Description of the task »
Report every line of the records below that includes the string "bottom".
### Dataset excerpts ###
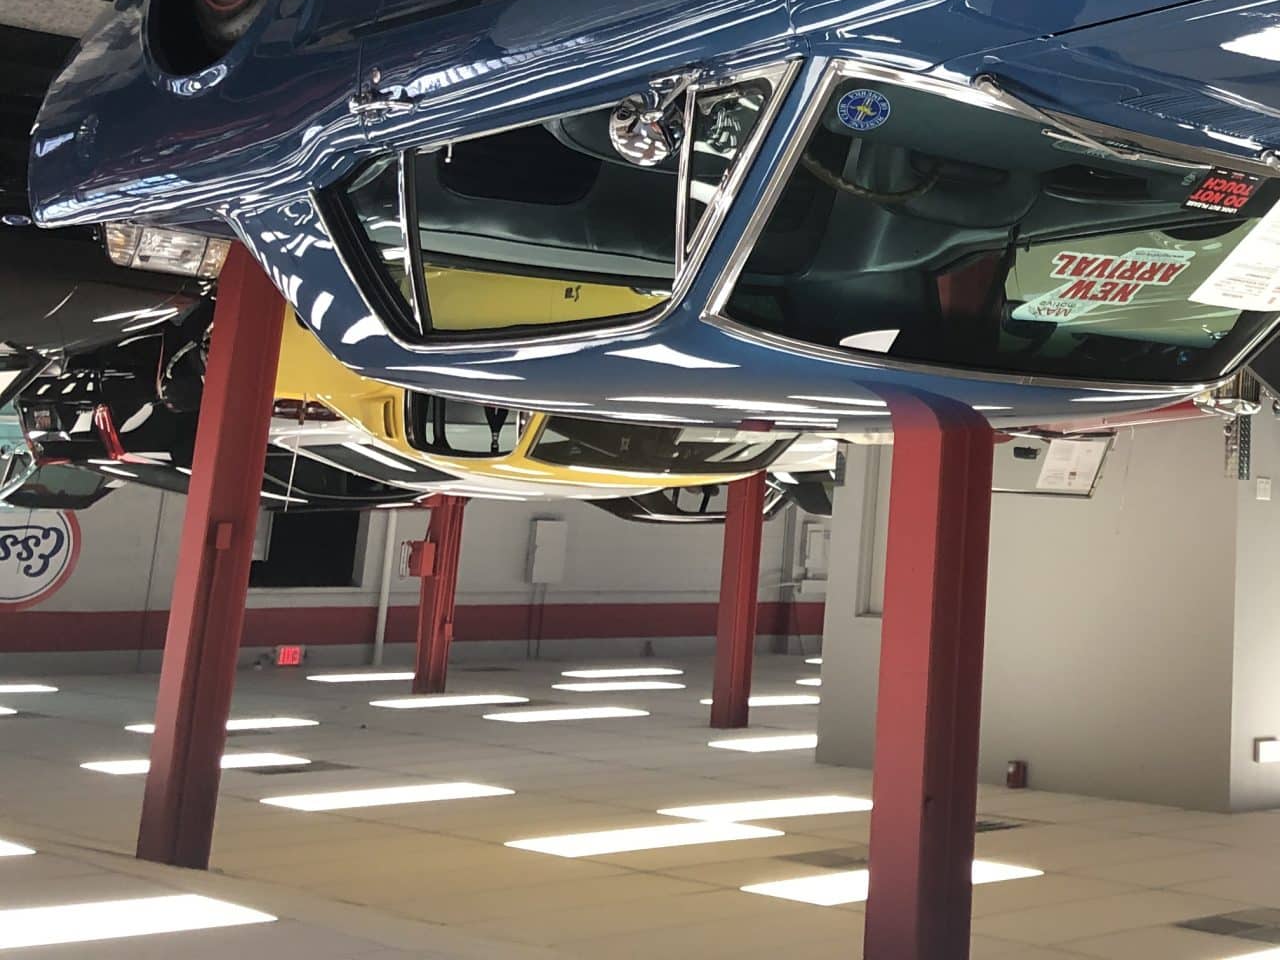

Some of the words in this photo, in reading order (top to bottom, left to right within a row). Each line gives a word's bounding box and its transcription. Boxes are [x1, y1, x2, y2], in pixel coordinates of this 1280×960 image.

[1202, 177, 1254, 196] TOUCH
[1190, 189, 1225, 204] NOT
[1223, 195, 1249, 208] DO
[1055, 253, 1185, 283] ARRIVAL
[1058, 279, 1141, 303] NEW
[1032, 306, 1072, 317] MAX
[0, 525, 64, 578] Ess
[277, 647, 300, 665] EXIT
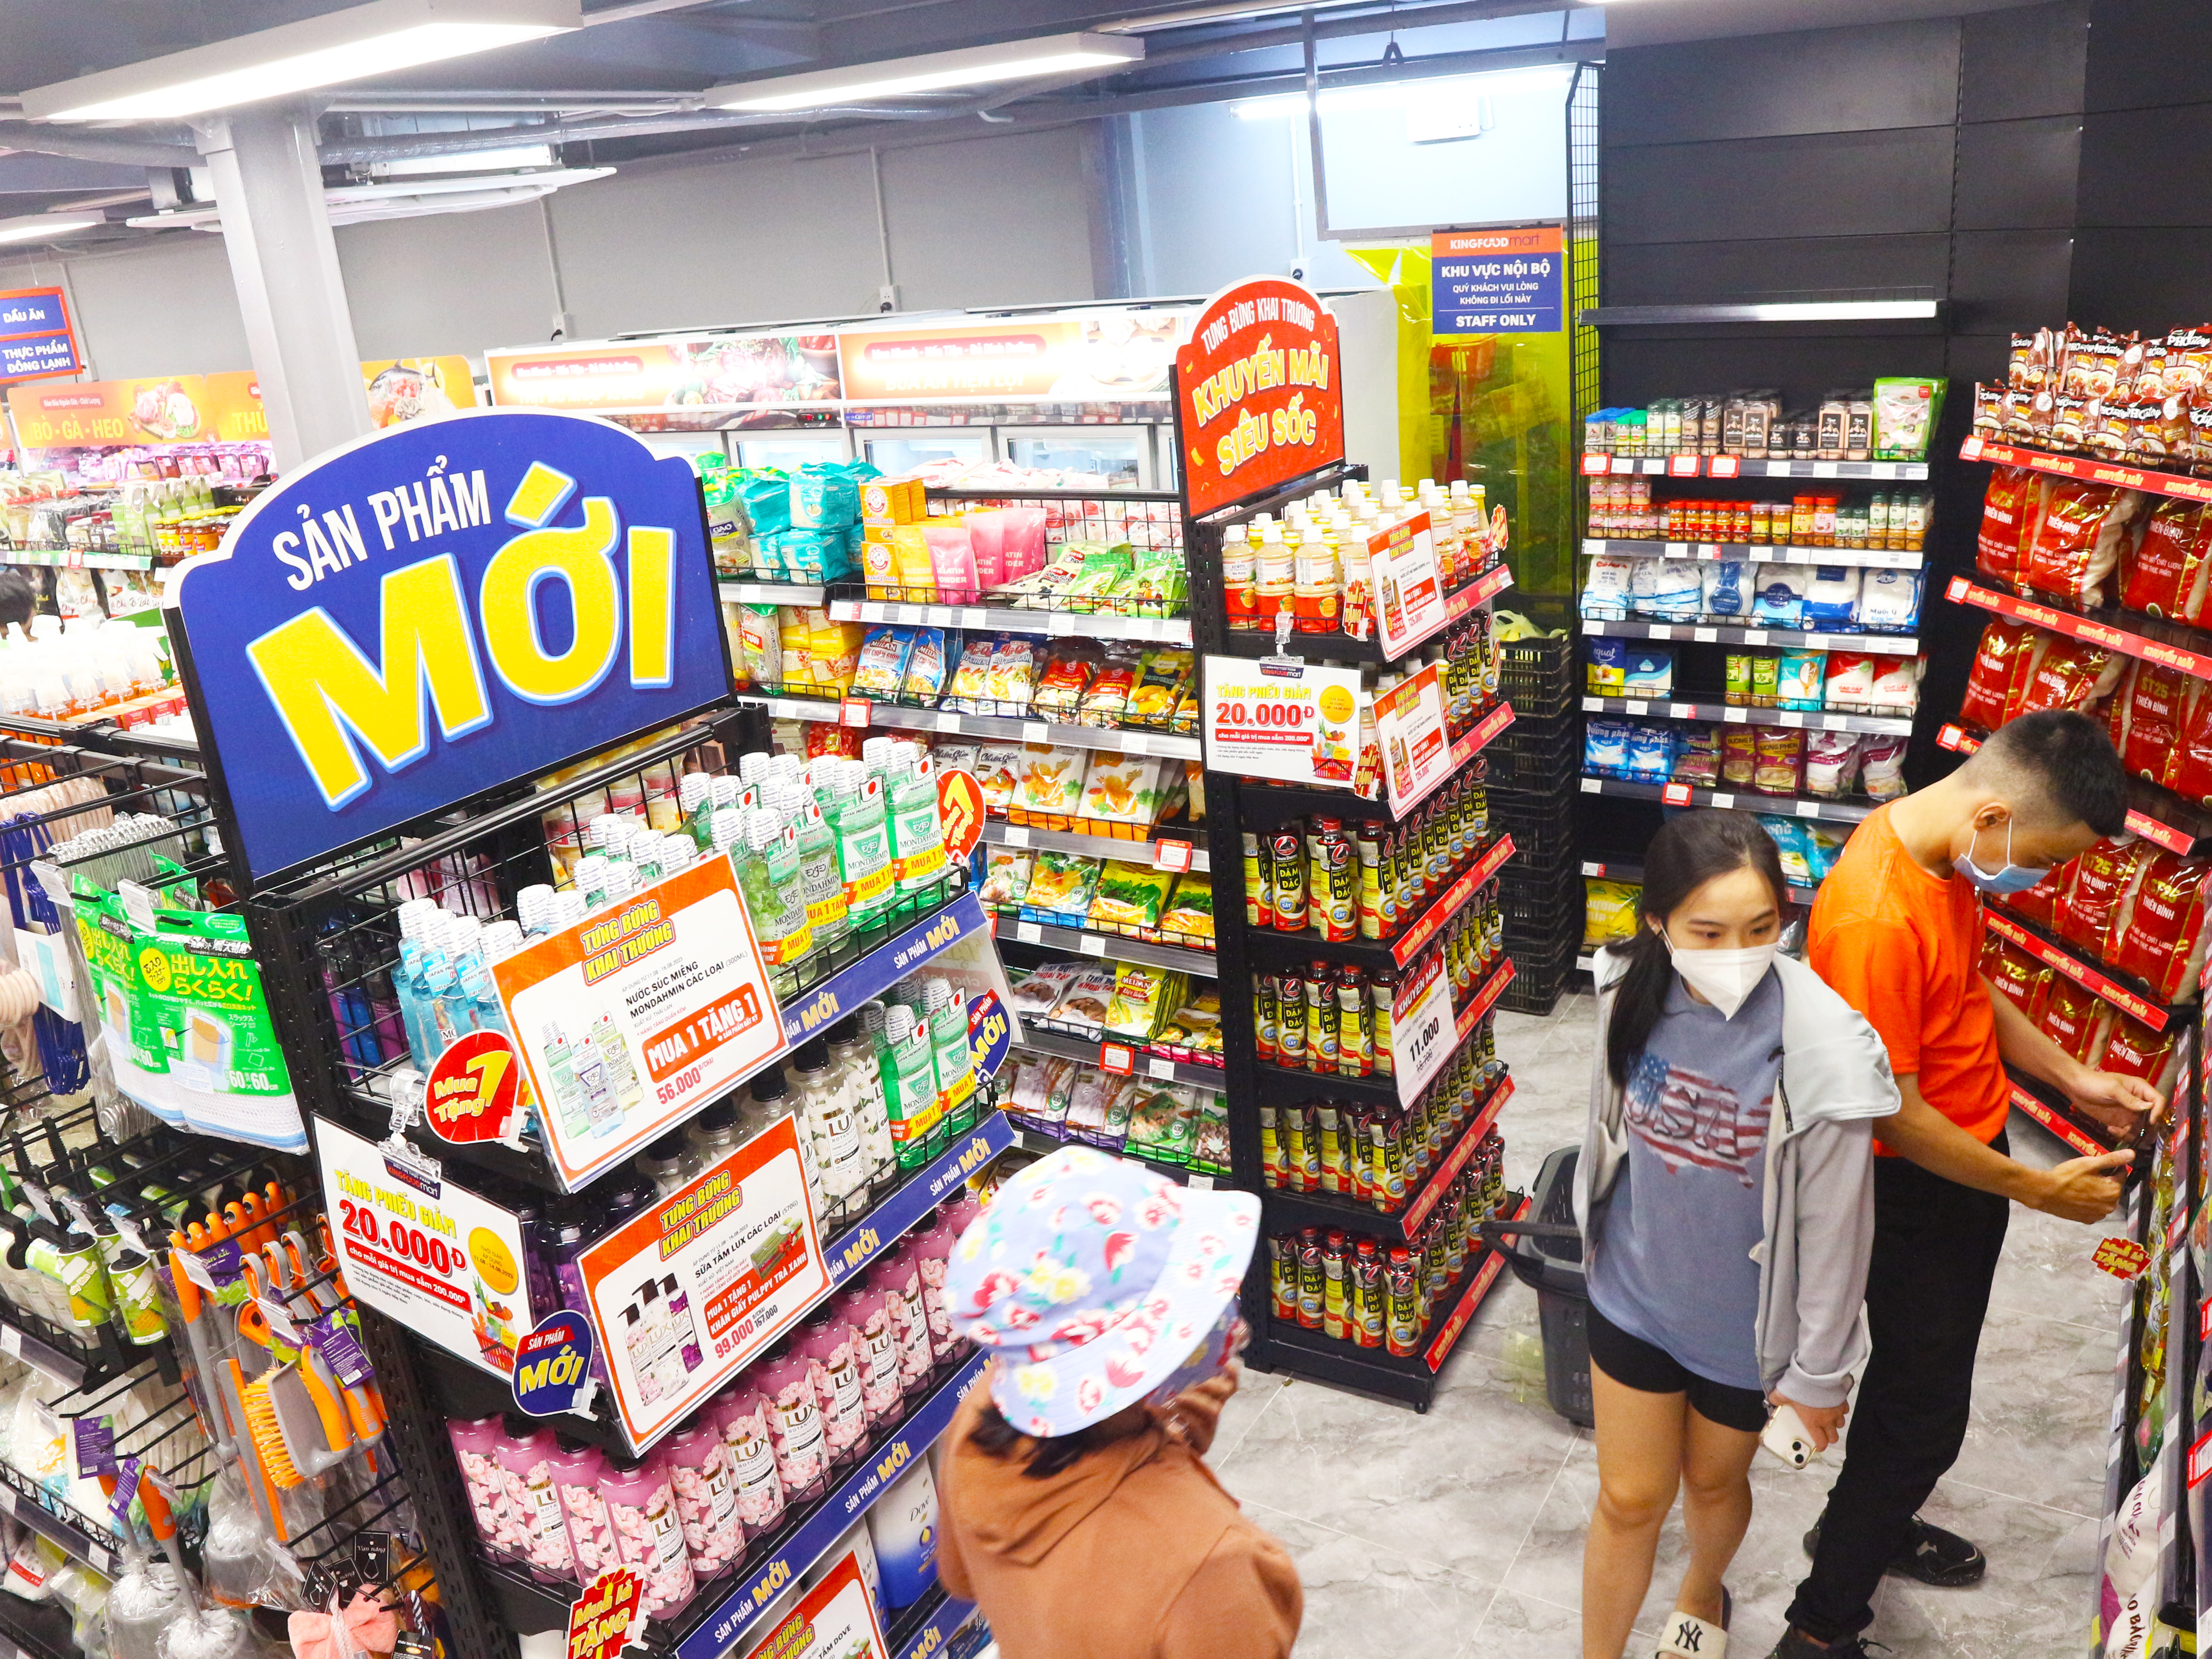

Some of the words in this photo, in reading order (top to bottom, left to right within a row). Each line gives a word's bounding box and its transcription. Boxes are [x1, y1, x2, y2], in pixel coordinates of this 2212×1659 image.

[1442, 265, 1469, 277] KHU
[1472, 263, 1500, 279] VỰC
[1504, 259, 1527, 278] NỘI
[1531, 258, 1551, 277] BỘ
[1453, 283, 1469, 293] QUÝ
[1471, 282, 1499, 292] KHÁCH
[1516, 281, 1539, 290] LÒNG
[1460, 295, 1488, 304] KHÔNG
[1490, 296, 1498, 304] ĐI
[1500, 293, 1513, 303] LỐI
[1515, 294, 1531, 303] NÀY
[29, 308, 45, 321] ĂN
[1228, 300, 1254, 334] BỪNG
[1257, 298, 1278, 322] KHAI
[1281, 298, 1314, 332] TRƯƠNG
[1456, 315, 1497, 327] STAFF
[1500, 314, 1536, 326] ONLY
[2, 346, 34, 361] THỰC
[35, 339, 68, 356] PHẨM
[7, 360, 40, 374] ĐÔNG
[41, 357, 71, 371] LẠNH
[1192, 332, 1285, 428] KHUYẾN
[1289, 340, 1329, 390] MÃI
[32, 413, 53, 441] BÒ
[62, 412, 84, 440] GÀ
[92, 418, 124, 439] HEO
[1217, 408, 1268, 475] SIÊU
[1272, 391, 1316, 445] SỐC
[271, 504, 369, 591] SẢN
[367, 454, 492, 552] PHẨM
[245, 460, 676, 812] MỚI
[1216, 683, 1245, 702] TẶNG
[1248, 683, 1280, 699] PHIẾU
[1282, 684, 1311, 699] GIẢM
[2136, 695, 2152, 711] THIÊN
[2152, 700, 2168, 715] BÌNH
[2141, 676, 2168, 699] ST25
[1229, 731, 1240, 739] mỗi
[1241, 733, 1250, 741] giá
[1271, 733, 1284, 741] sắm
[900, 829, 941, 848] MONDAHMIN
[942, 806, 962, 840] Mua
[950, 809, 974, 847] Tặng
[848, 849, 889, 870] MONDAHMIN
[581, 919, 620, 954] TƯNG
[620, 901, 659, 935] BỪNG
[894, 950, 908, 970] SẢN
[907, 938, 927, 962] PHẨM
[926, 914, 960, 951] MỚI
[171, 954, 249, 980] 出し入れ
[584, 948, 620, 983] KHAI
[619, 921, 674, 963] TRƯƠNG
[626, 986, 651, 1007] NƯỚC
[651, 975, 670, 992] SÚC
[670, 961, 698, 982] MIỆNG
[630, 982, 685, 1019] MONDAHMIN
[686, 972, 704, 987] CÁC
[705, 961, 724, 977] LOẠI
[1397, 974, 1425, 1017] KHUYẾN
[1426, 961, 1439, 985] MÃI
[663, 1003, 673, 1014] LAN
[970, 1009, 982, 1026] SẢN
[979, 994, 994, 1015] PHẨM
[647, 1033, 688, 1072] MUA
[686, 1024, 699, 1048] 1
[697, 999, 745, 1042] TẶNG
[744, 992, 757, 1015] 1
[723, 1030, 733, 1039] SẢN
[732, 1021, 744, 1034] PHẨM
[971, 1012, 1007, 1070] MỚI
[1409, 1017, 1440, 1062] 11.000
[434, 1076, 478, 1099] Mua
[656, 1067, 701, 1105] 56.000
[434, 1097, 486, 1123] Tặng
[829, 1111, 854, 1137] LUX
[334, 1169, 373, 1202] TẶNG
[373, 1185, 417, 1220] PHIẾU
[418, 1205, 457, 1238] GIẢM
[661, 1195, 695, 1231] TƯNG
[697, 1170, 730, 1208] BỪNG
[661, 1221, 692, 1258] KHAI
[692, 1188, 741, 1234] TRƯƠNG
[695, 1262, 712, 1278] SỮA
[712, 1250, 730, 1266] TẮM
[731, 1236, 746, 1253] LUX
[747, 1225, 763, 1240] CÁC
[763, 1211, 781, 1227] LOẠI
[782, 1200, 798, 1216] (570G)
[349, 1247, 363, 1259] cho
[363, 1251, 377, 1265] mỗi
[378, 1260, 389, 1272] giá
[389, 1263, 398, 1276] trị
[399, 1268, 416, 1280] mua
[416, 1274, 433, 1290] sắm
[707, 1302, 723, 1321] MUA
[722, 1298, 728, 1308] 1
[727, 1285, 747, 1304] TẶNG
[746, 1280, 752, 1289] 1
[710, 1313, 731, 1335] KHĂN
[731, 1298, 747, 1319] GIẤY
[747, 1280, 773, 1305] PULPPY
[774, 1266, 789, 1284] TRÀ
[788, 1252, 806, 1273] XANH
[755, 1304, 779, 1328] 157.000
[528, 1336, 543, 1351] SẢN
[543, 1327, 565, 1348] PHẨM
[715, 1319, 754, 1359] 99.000
[519, 1345, 586, 1396] MỚI
[785, 1398, 818, 1428] LUX
[845, 1494, 858, 1514] SẢN
[858, 1476, 878, 1503] PHẨM
[876, 1440, 912, 1483] MỚI
[910, 1494, 930, 1522] Dove
[573, 1595, 613, 1630] Mua
[715, 1622, 731, 1644] SẢN
[730, 1599, 754, 1628] PHẨM
[752, 1558, 792, 1607] MỚI
[571, 1607, 630, 1659] TẶNG
###
Solution to this task »
Some of the words in this photo, in reading order (top to bottom, left to right within a row). Each line gives a word's bounding box and its transcription. Boxes are [x1, y1, x2, y2], in pixel coordinates of this 1280×960 image.
Some of the words in this photo, in reading order (top to bottom, left to right within a row). Each line gives a word's bounding box and its transcription. Boxes are [x1, y1, x2, y2], in pixel coordinates of this 2212×1659 image.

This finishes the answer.